Chondroglucide belongs to the group of chondroprotectors and serves to stimulate cartilage tissue. It also has an analgesic and anti-inflammatory effect. Helps slow down destructive processes. Chondroitin sulfate in the drug is obtained from cattle cartilage; it suppresses the action of hyaluronidase and elastase, which affect the breakdown of cartilage tissue. Glucosamine also has protective agents, inhibiting phospholipase and collagenase, which destroy cartilage.

The drug is recommended for osteoarthritis. The gel is applied two to three times a day to the damaged joint with a strip 4 cm long, which corresponds to 2 g of the drug. Treatment must be continued for at least one month, after which the course is interrupted and, on the doctor’s recommendation, repeated again after a couple of weeks. Usually the drug is well tolerated, but an allergic reaction may occur on the surface of the skin.

The chondroprotector is contraindicated for use in children, pregnant women and during lactation, as well as in case of individual intolerance to the drug. Do not apply the medicine to damaged areas of the skin.

Chondrogard

Manufacturer: SOTEX CJSC (Russia)
Release form: solution for intramuscular and intraarticular administration

Active ingredient: chondroitin sulfate

Chondrogard is an analogue of Dona in injections. This is a high molecular weight mucopolysaccharide that has the properties to inhibit and reduce degenerative changes in cartilage tissue.

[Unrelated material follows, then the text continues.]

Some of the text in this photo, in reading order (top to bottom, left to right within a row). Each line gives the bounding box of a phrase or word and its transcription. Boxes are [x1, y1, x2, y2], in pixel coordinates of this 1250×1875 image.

Under the influence of the medication, the inflammatory process of the synovial membrane of the joint is reduced, and phosphorus-calcium metabolism is restored. This process leads to a decrease in pain, relief of swelling and an increase in the range of active movements in the joint.

Teraflex

Teraflex is one of the most effective and relatively cheap chondroprotective agents. The drug contains chondroitin and glucosamine. It helps relieve pain, improve the mobility of articular joints, and stimulates regenerative processes in cartilage tissue. Thanks to these properties, Theraflex significantly reduces the need for non-steroidal anti-inflammatory drugs.

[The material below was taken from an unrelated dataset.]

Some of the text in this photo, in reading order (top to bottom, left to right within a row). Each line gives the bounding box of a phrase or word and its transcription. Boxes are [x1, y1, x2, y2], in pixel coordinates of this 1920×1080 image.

The drug is indicated for osteochondrosis, osteoarthrosis and other degenerative pathologies of the spine. The drug is not recommended for hypersensitivity, in patients with renal failure, during pregnancy and lactation, as well as for children.

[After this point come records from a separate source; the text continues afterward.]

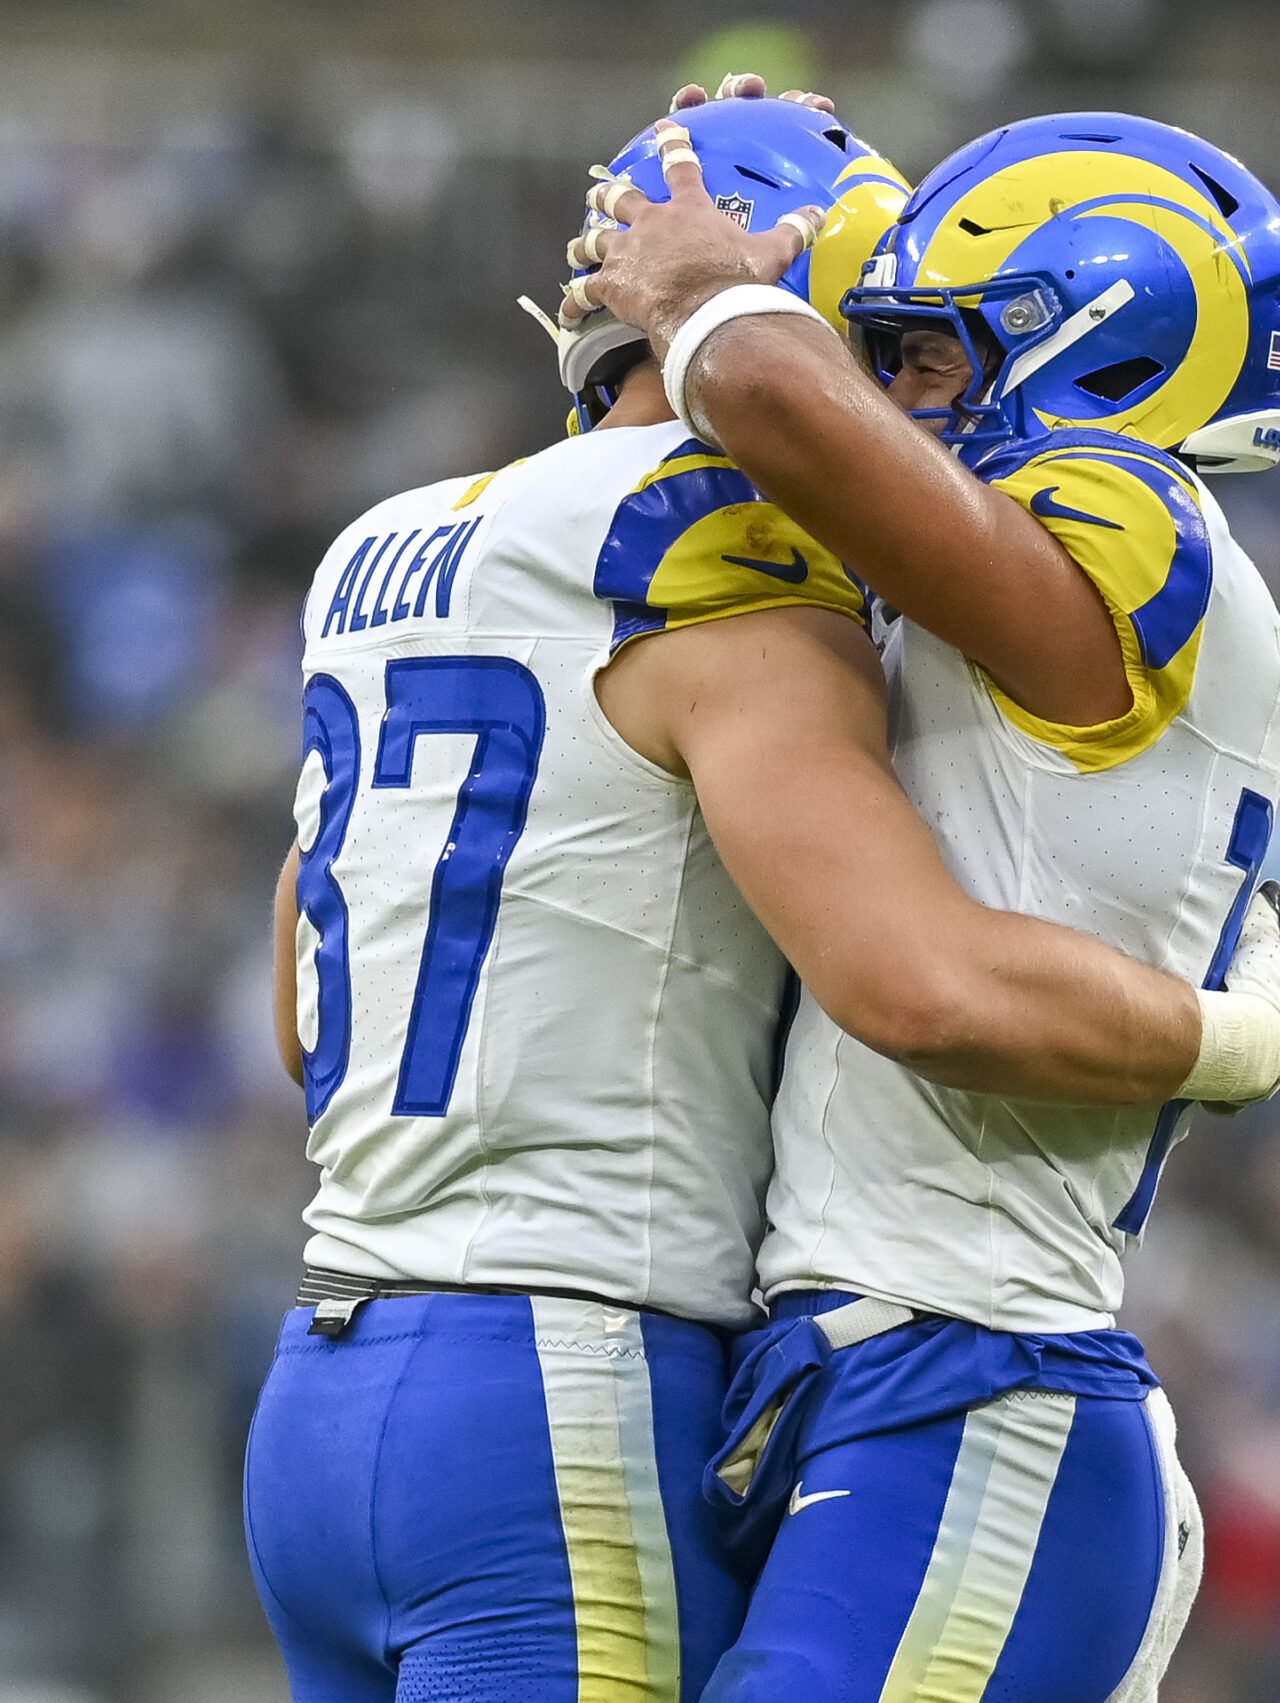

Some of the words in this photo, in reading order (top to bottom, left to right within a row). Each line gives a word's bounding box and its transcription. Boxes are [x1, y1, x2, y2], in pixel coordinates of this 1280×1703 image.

[720, 210, 745, 229] FL
[322, 516, 483, 637] ALLEN
[298, 656, 546, 1127] 87
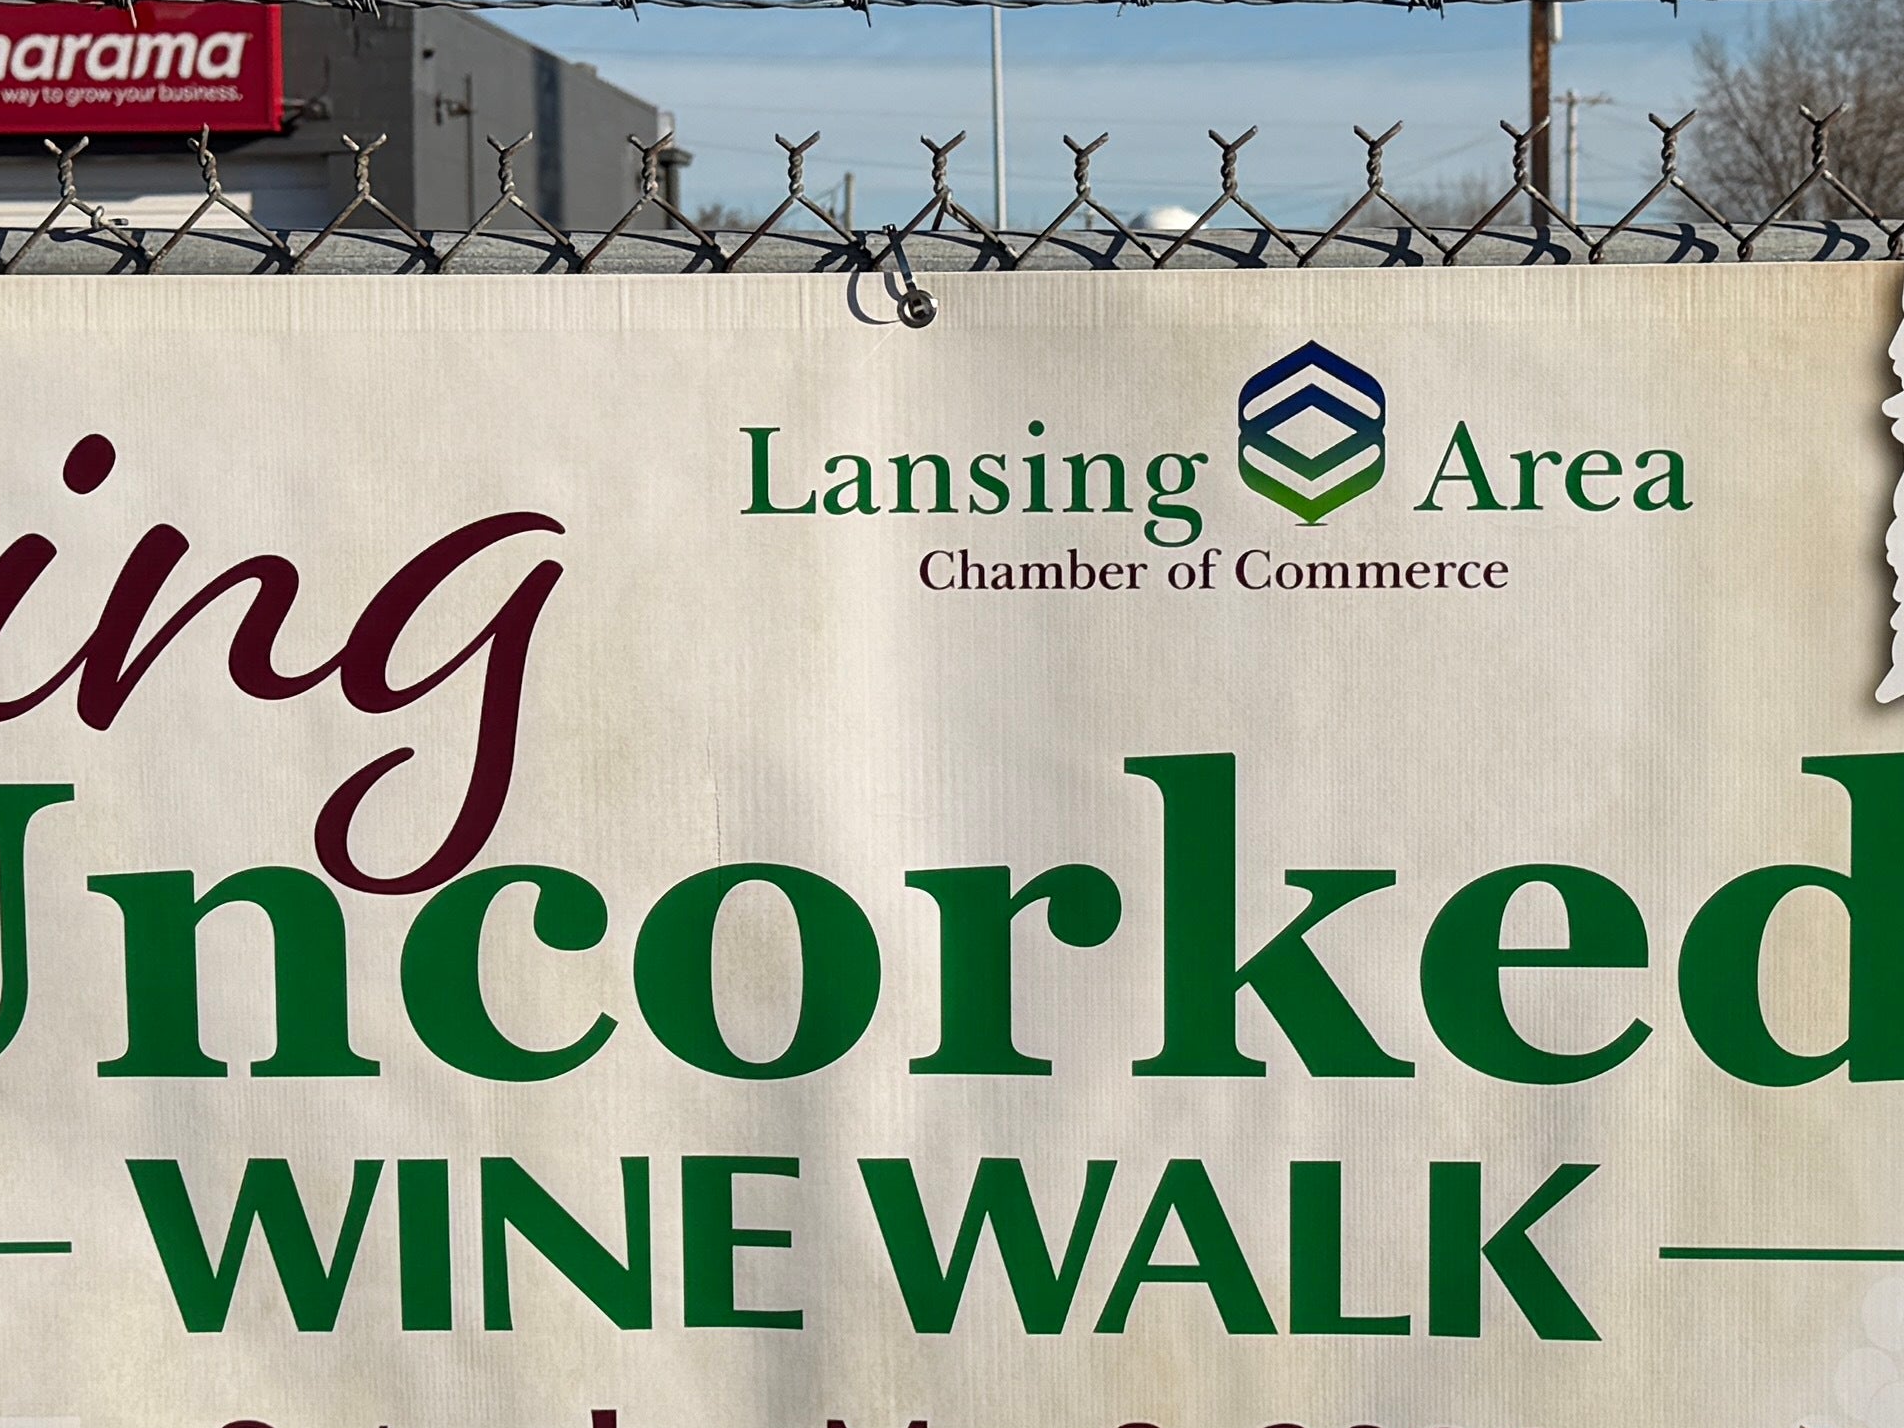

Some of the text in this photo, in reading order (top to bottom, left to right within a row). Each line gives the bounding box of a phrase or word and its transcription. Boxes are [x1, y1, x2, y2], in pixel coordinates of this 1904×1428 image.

[0, 88, 39, 108] way
[42, 85, 64, 104] to
[65, 88, 112, 108] grow
[113, 87, 157, 107] your
[738, 419, 1693, 548] Lansing Area
[919, 548, 1510, 591] Chamber of Commerce
[128, 1157, 1599, 1341] WINE WALK

Take the capsules with a whole glass of water; the drug does not depend on the time of meal. In the first three weeks of treatment, one capsule is prescribed three times a day, then two capsules. Duration of therapy is from three to six months, treatment is repeated if necessary.

Teraflex is usually well tolerated by patients, but negative reactions may also occur: insomnia, abdominal pain, heaviness in the legs, tachycardia, allergic reactions. If abdominal pain occurs, the drug is discontinued.